WHAT YOU NEED TO DO: Retype each entry exactly as written, and keep the pictures out of the copy.

Entries taken from a collection:
<<<<

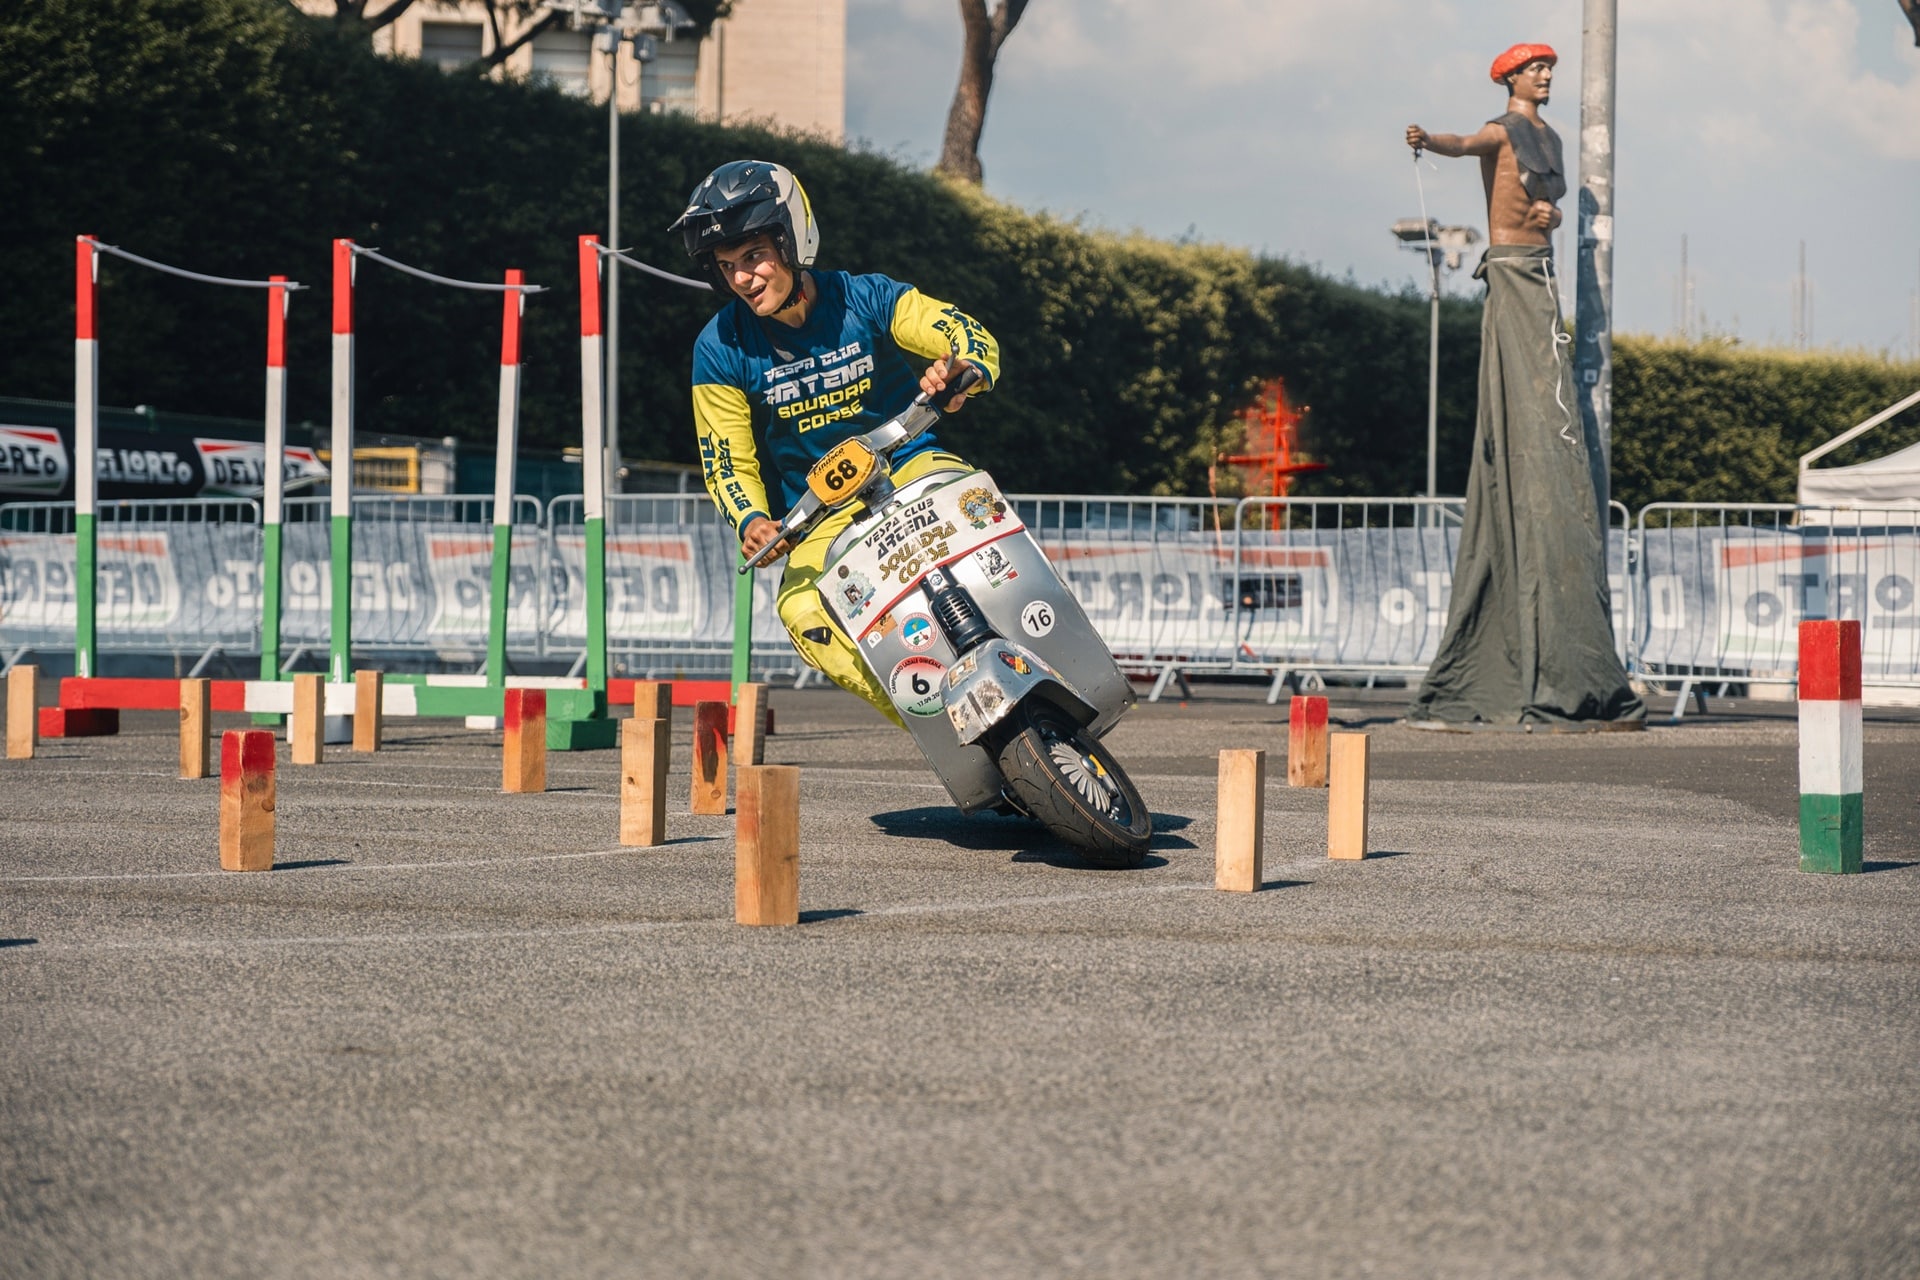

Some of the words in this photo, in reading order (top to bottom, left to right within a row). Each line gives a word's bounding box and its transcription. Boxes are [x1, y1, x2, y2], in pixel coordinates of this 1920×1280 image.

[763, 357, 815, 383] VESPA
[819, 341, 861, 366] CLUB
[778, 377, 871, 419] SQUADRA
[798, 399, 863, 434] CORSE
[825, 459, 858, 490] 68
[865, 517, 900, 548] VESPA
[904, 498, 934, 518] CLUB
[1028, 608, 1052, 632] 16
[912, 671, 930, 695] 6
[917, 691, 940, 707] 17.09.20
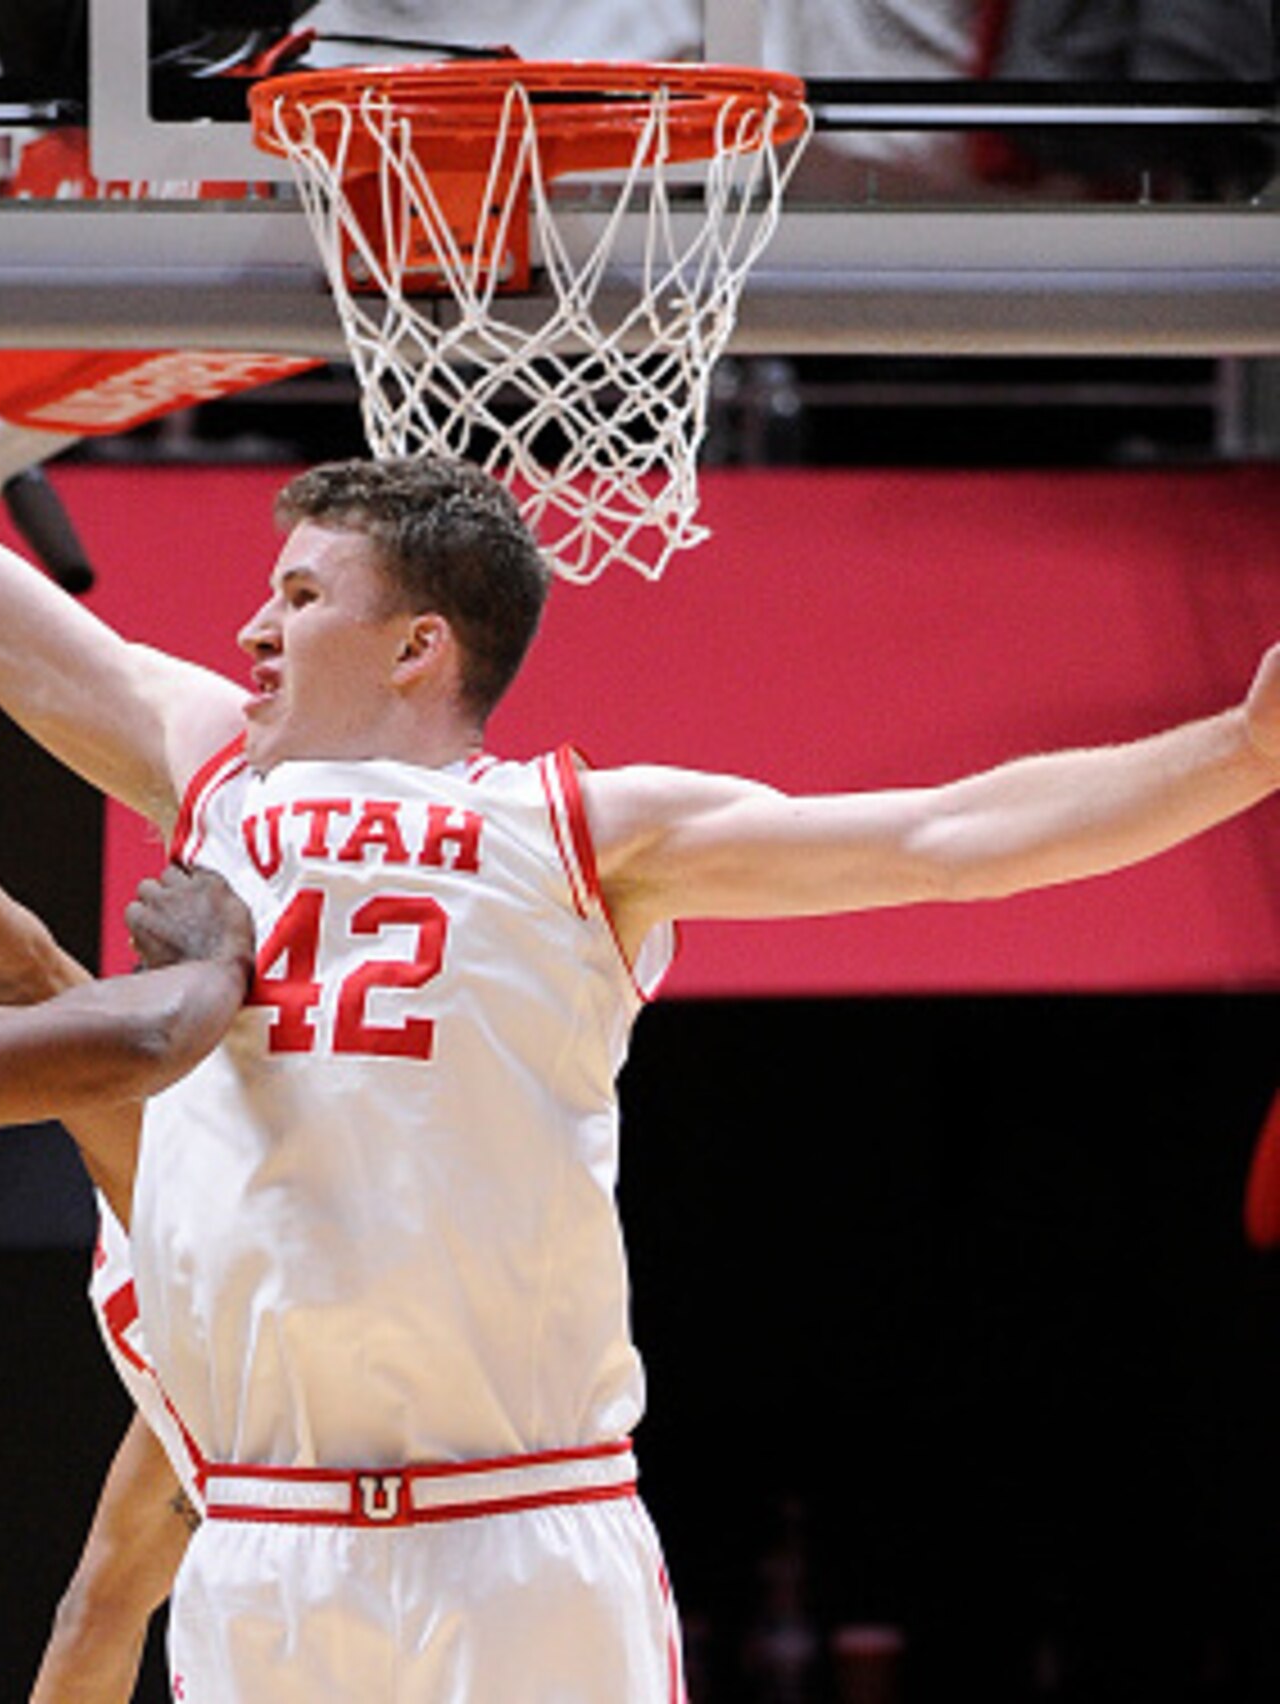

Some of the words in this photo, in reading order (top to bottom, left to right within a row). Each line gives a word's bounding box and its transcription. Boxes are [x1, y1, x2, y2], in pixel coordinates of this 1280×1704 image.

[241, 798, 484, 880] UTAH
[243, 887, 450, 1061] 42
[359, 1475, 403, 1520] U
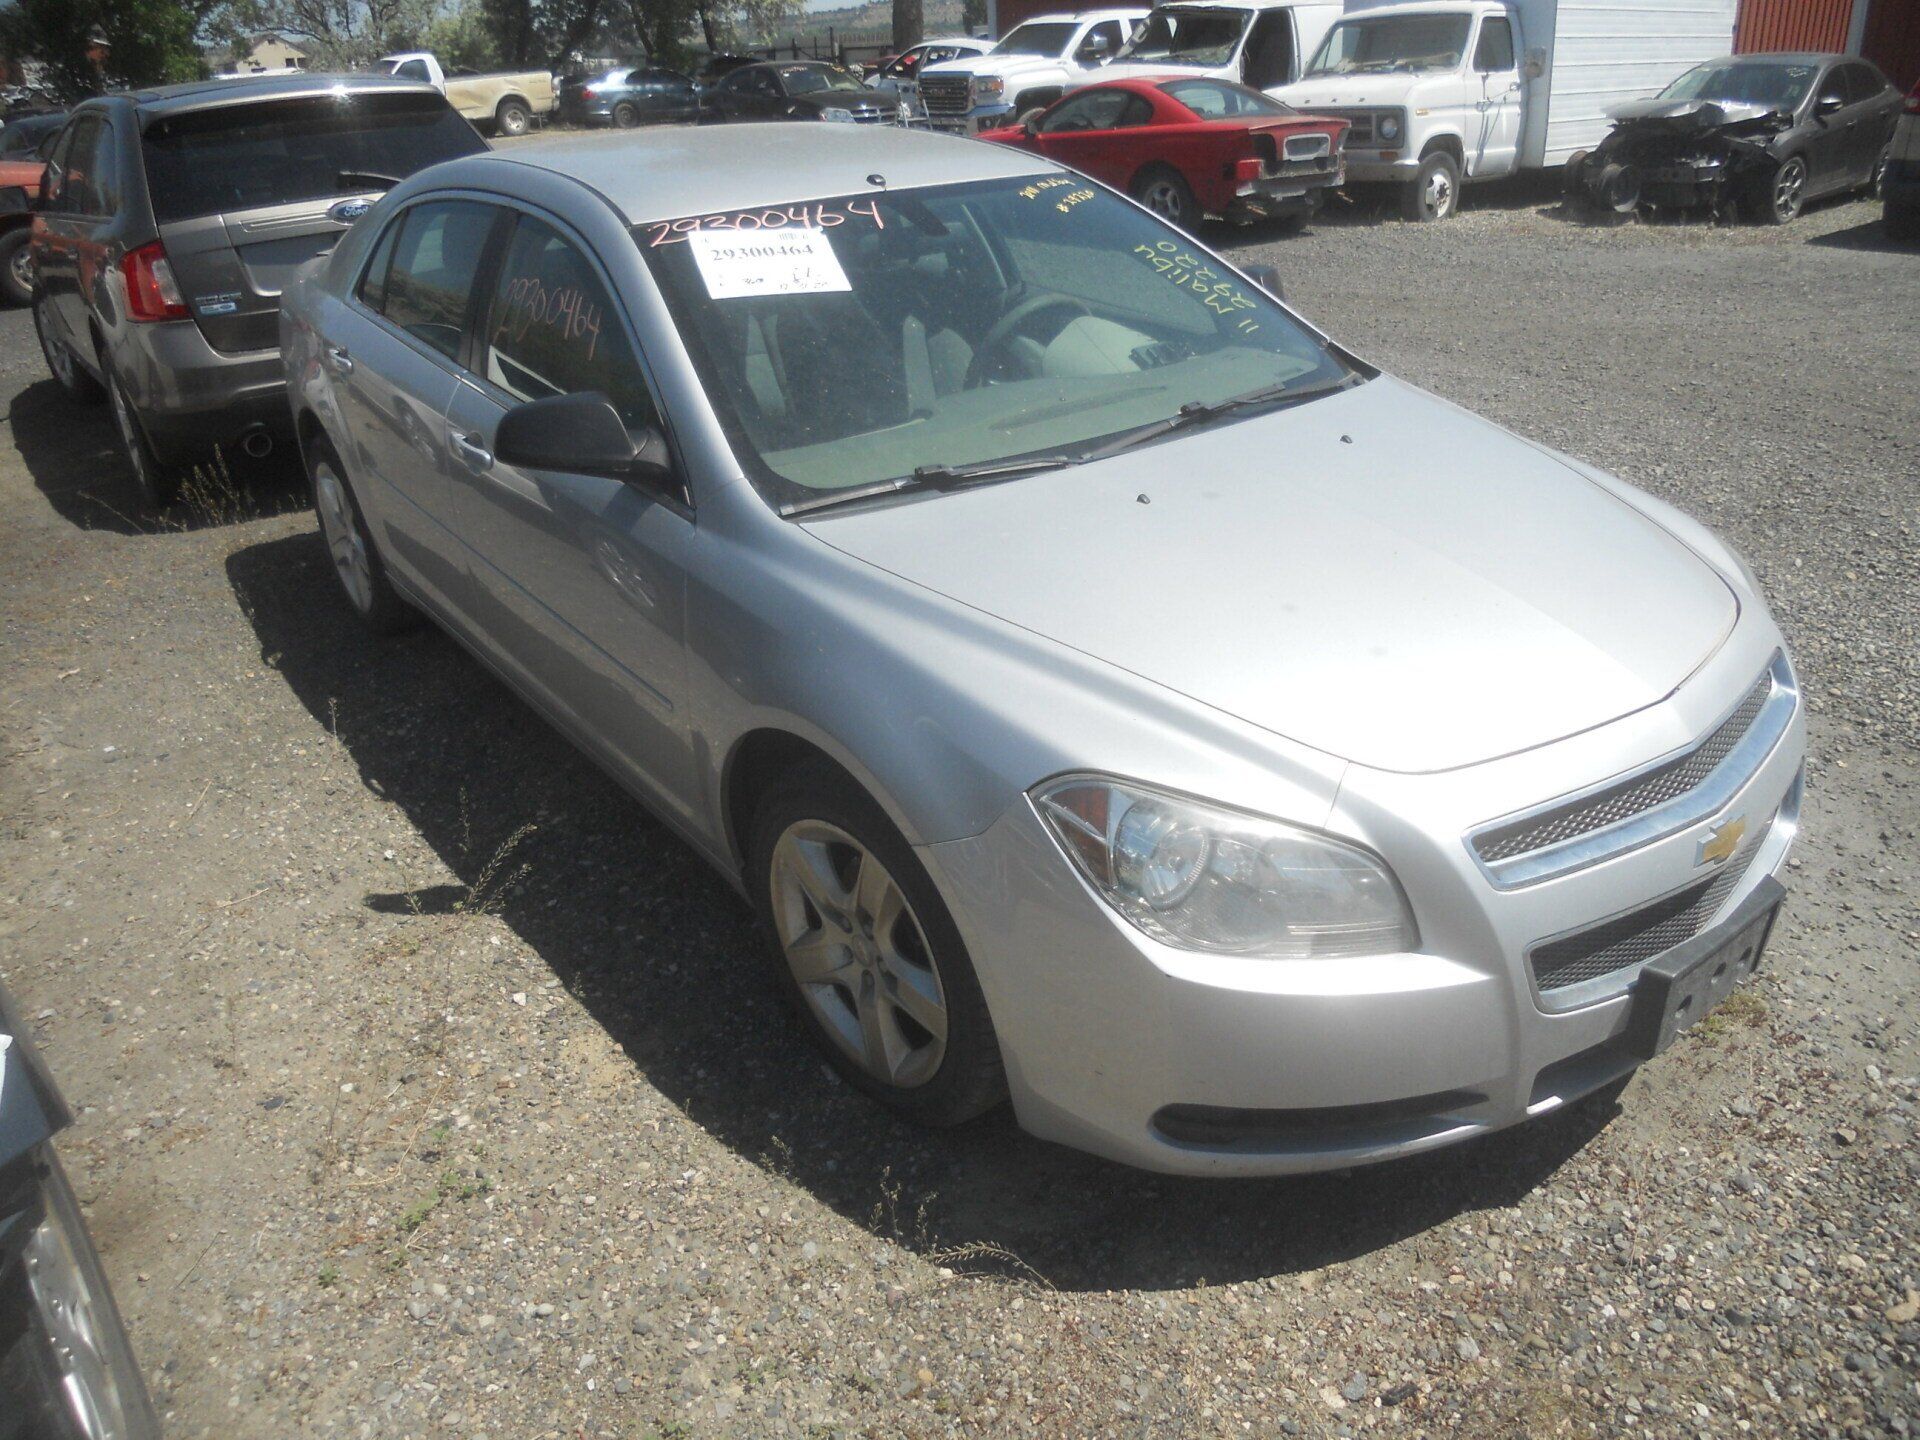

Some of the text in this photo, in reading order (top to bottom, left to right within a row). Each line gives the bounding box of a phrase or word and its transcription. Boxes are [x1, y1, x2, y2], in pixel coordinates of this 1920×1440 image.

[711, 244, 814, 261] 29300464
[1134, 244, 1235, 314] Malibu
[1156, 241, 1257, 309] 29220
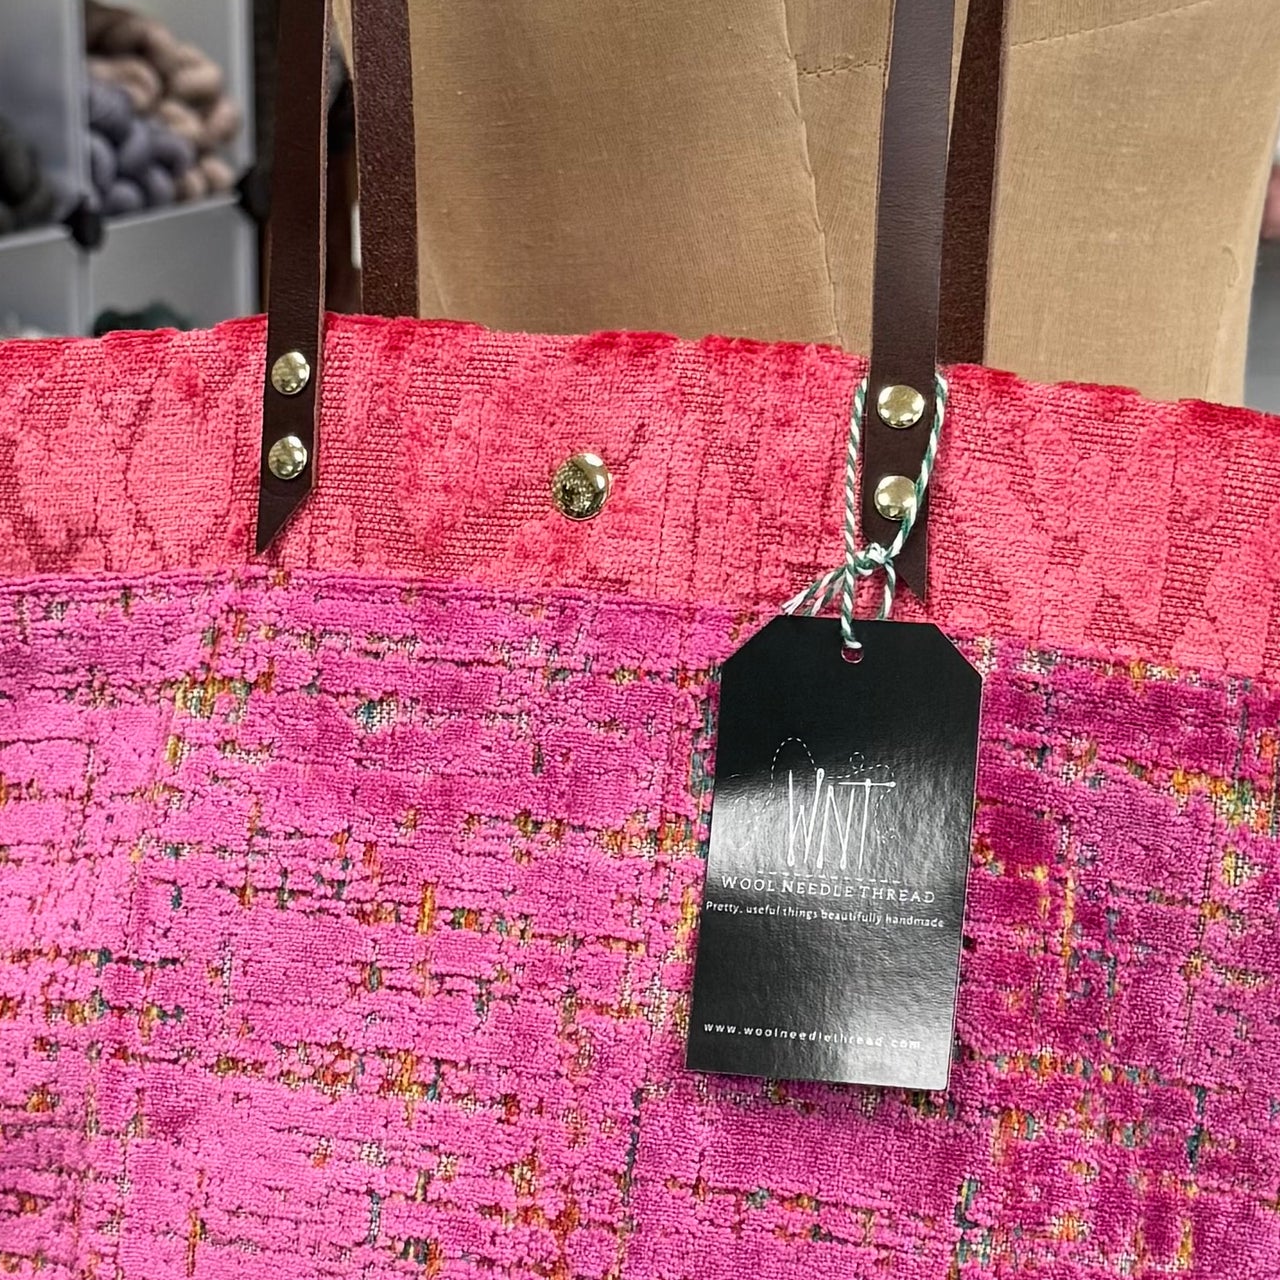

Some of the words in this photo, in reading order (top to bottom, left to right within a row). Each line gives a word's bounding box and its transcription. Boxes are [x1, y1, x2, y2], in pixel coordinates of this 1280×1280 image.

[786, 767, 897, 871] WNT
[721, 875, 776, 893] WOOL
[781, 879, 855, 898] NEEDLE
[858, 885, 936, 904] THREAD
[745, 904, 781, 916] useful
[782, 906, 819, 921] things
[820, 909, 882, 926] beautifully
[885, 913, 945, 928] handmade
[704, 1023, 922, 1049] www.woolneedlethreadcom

>>>>

REPLY TO THE EXERCISE:
Some of the words in this photo, in reading order (top to bottom, left to right within a row). Each line gives a word's bounding box and its transcription. Boxes are [x1, y1, x2, y2], in pixel coordinates of this 1920×1280 image.

[763, 357, 815, 383] VESPA
[819, 341, 861, 366] CLUB
[778, 377, 871, 419] SQUADRA
[798, 399, 863, 434] CORSE
[825, 459, 858, 490] 68
[865, 517, 900, 548] VESPA
[904, 498, 934, 518] CLUB
[1028, 608, 1052, 632] 16
[912, 671, 930, 695] 6
[917, 691, 940, 707] 17.09.20

Some of the words in this photo, in reading order (top to bottom, left to right within a row). Each line gives a word's bounding box and its transcription. Boxes are [x1, y1, x2, y2], in pixel coordinates of this 1280×1704 image.

[241, 798, 484, 880] UTAH
[243, 887, 450, 1061] 42
[359, 1475, 403, 1520] U

Some of the text in this photo, in reading order (top to bottom, left to right within a row). Each line gives the bounding box of a phrase or word and its transcription. Boxes are [x1, y1, x2, y2], in pixel coordinates of this 1920×1440 image.

[711, 244, 814, 261] 29300464
[1134, 244, 1235, 314] Malibu
[1156, 241, 1257, 309] 29220

Some of the words in this photo, in reading order (top to bottom, left to right within a row). Each line gives a word's bounding box and its transcription. Boxes are [x1, y1, x2, y2], in pixel coordinates of this 1280×1280 image.

[786, 767, 897, 871] WNT
[721, 875, 776, 893] WOOL
[781, 879, 855, 898] NEEDLE
[858, 885, 936, 904] THREAD
[745, 904, 781, 916] useful
[782, 906, 819, 921] things
[820, 909, 882, 926] beautifully
[885, 913, 945, 928] handmade
[704, 1023, 922, 1049] www.woolneedlethreadcom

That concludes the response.